For the Krayolas, every song is a medley, in spirit if not in form. The San Antonio quartet, which played for nearly two hours Saturday evening at Tropicalia, has too many influences to fit into a single tune. So the band’s performance featured not one but two renditions of the Ramones’ “I Wanna Be Your Boyfriend” — one bilingual and the other entirely in Spanish. Adding to the unpredictability, the show-closing second version eventually mutated into the Who’s “The Kids Are Alright.”

“It doesn’t matter where it comes from,” said frontman Hector Saldana, clarifying his band’s aesthetic. Most of the Krayolas’ songs derive from mid-1960s garage- and folk-rock or Tex-Mex folk music, and many enthusiastically mix the two. While lead guitarist Van Baines jangled like a Byrd, keyboardist Luvine Elias pumped polka-rooted riffs that in earlier days would have been played on accordion. The vocal styles ranged from frontman Saldana’s Dylanesque treatment of an original Mexican-drug-war ballad, “Corrida — Twelve Heads in a Bag,” to his drummer brother David Saldana’s Roger McGuinn-like reading of Dylan’s “All I Really Want to Do.”

Bottom of Form

Although the group connected styles and songs, it didn’t rush from one number to the next. Hector Saldana, who switched among bass and various guitars, introduced most of the songs at length, detailing their provenance and meaning (especially when the lyrics were in Spanish). A longtime pop-music writer for the San Antonio Express-News, Saldana clearly likes to put things in context. And there was plenty to elucidate in a show that included such local-color dispatches as “Catherine,” an upbeat stomper about reading an old friend’s death notice; “La Inundacion de Piedras Negras,” a 1950s lament for victims of a major flood; and “Frutera (The Fruit Cup Song),” an ode to a treat available on the Mexican side of town.
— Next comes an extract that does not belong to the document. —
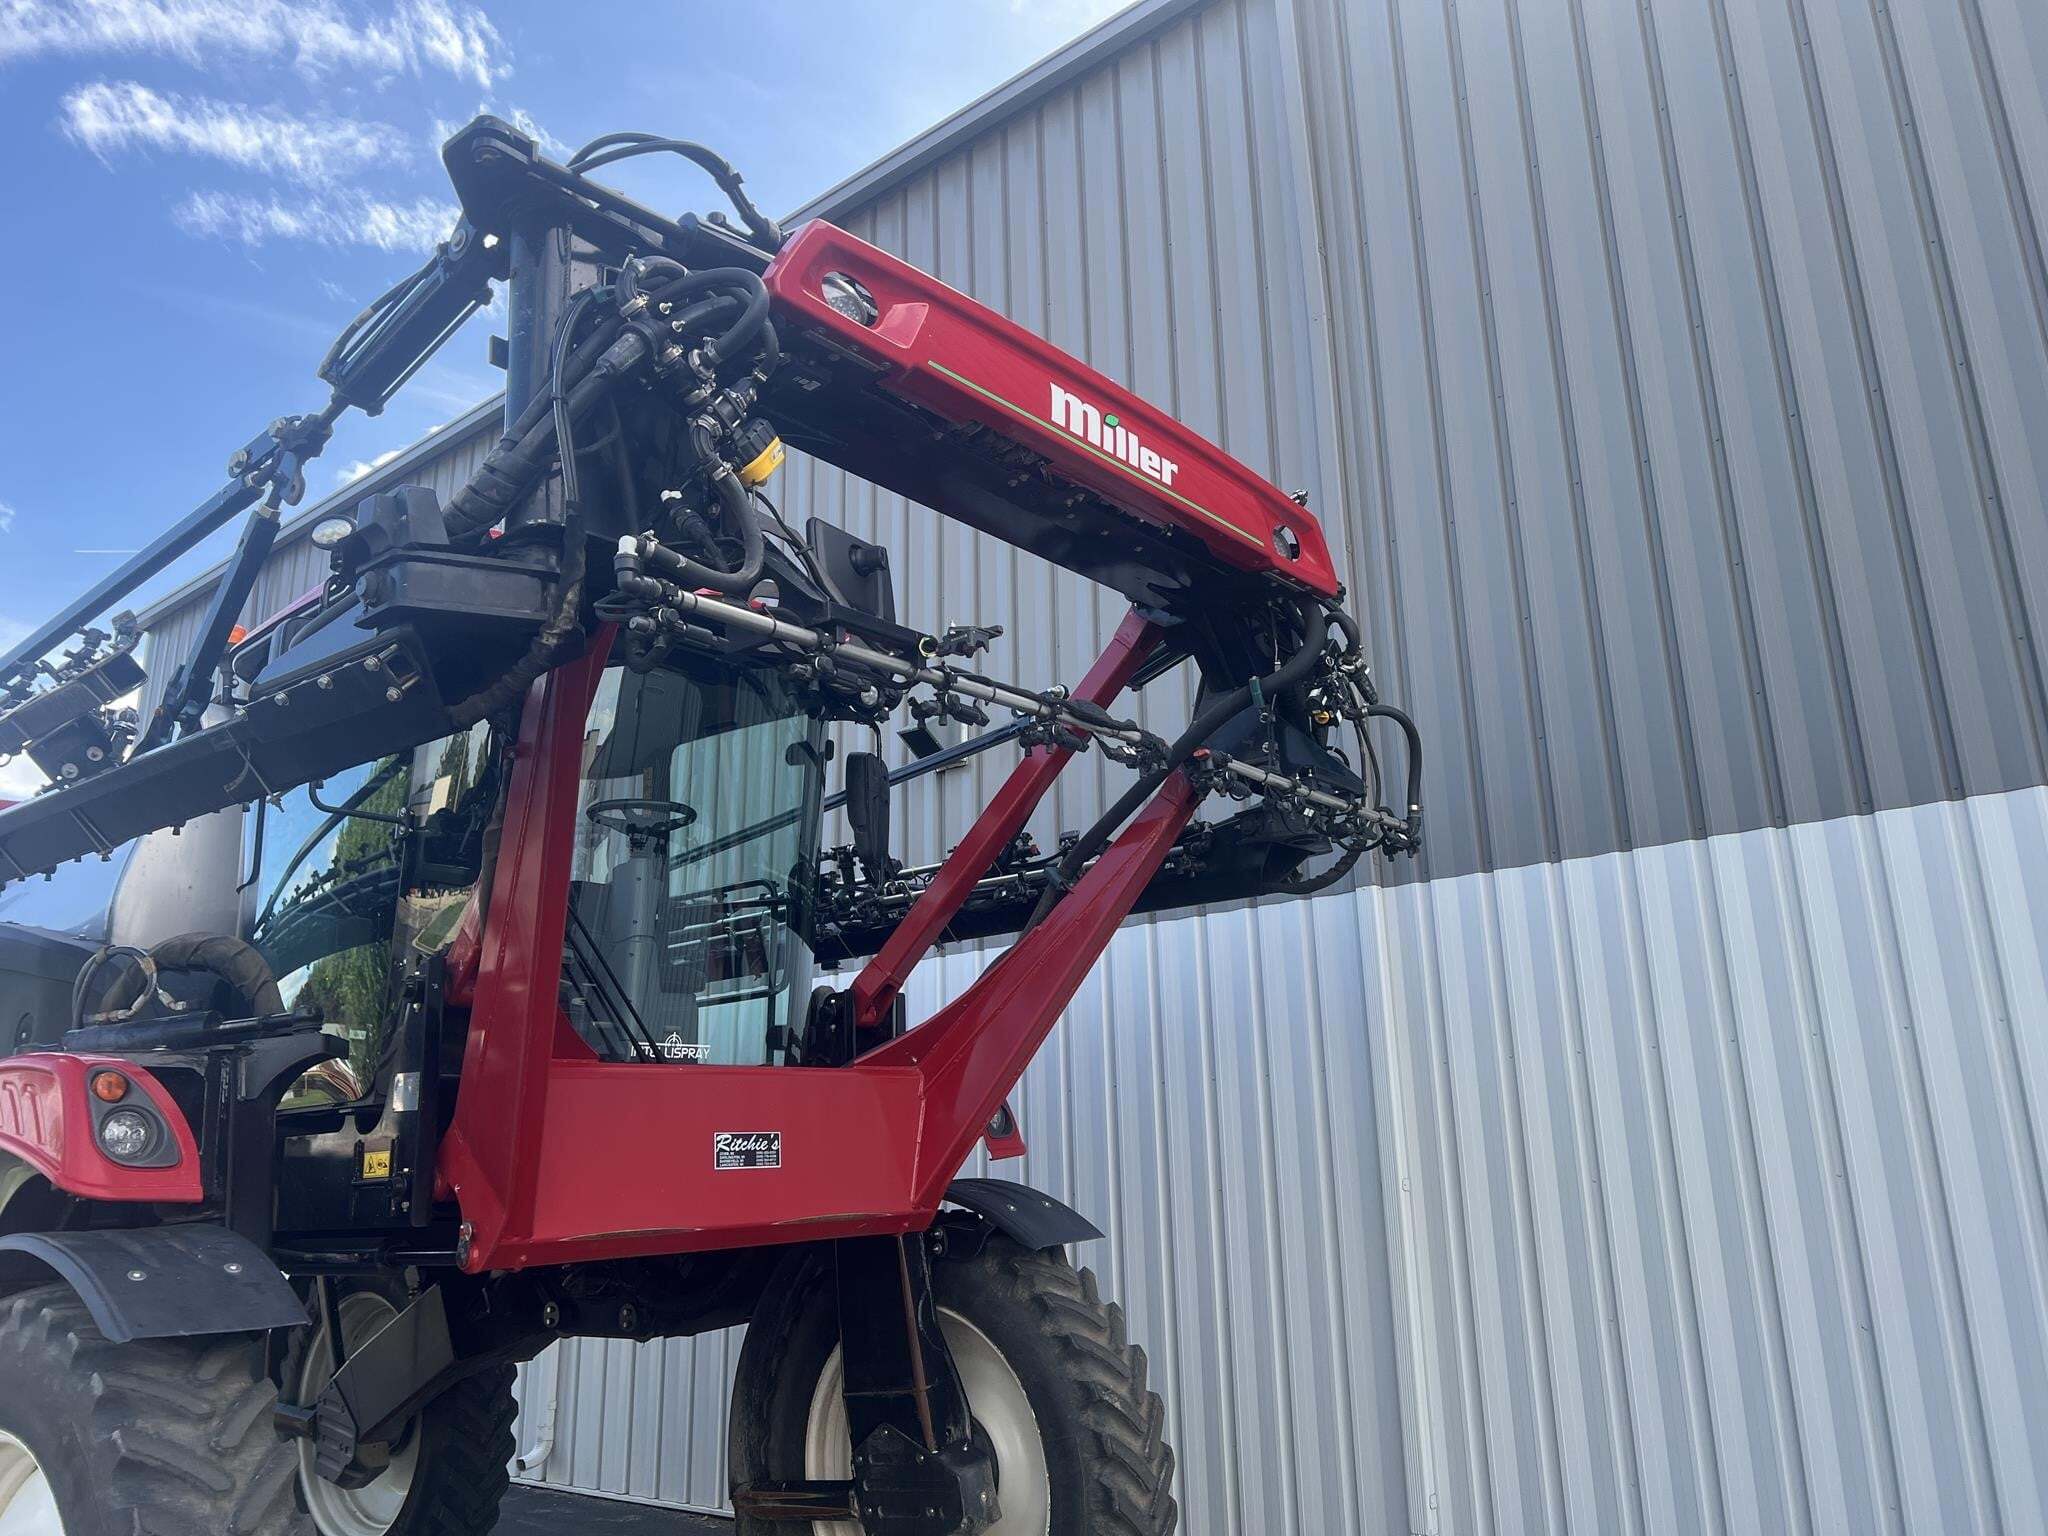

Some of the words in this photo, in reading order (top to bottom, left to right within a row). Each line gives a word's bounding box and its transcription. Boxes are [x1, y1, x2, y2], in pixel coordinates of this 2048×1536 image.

[1050, 382, 1179, 486] miller
[630, 1044, 711, 1059] ITELISPRAY
[716, 1133, 779, 1152] Ritchie's
The Krayolas began in 1975 but took a couple of decades off — from 1988 to 2007 — and have rarely performed outside the Southwest. On the heels of releasing their new album, “Tormenta,” this was their first D.C. gig — which might explain why they played to just a handful of listeners. Beginning at 8 p.m. didn’t help. The band was just starting to draw a crowd, and even to inspire a few people to dance, when it concluded its show.

A short break between the Krayolas’ two sets was filled by Hector Saldana’s son, Nick Saldana, who’s half of Little Wesley, a Texas duo. The younger man played a few delicate indie-rock tunes that were energized by his electric-guitar accompaniment. Then he was joined by his uncle on drums to finish with a winning version of “I’m Not Angry (I’m Just Sad),” an Everly Brothers obscurity.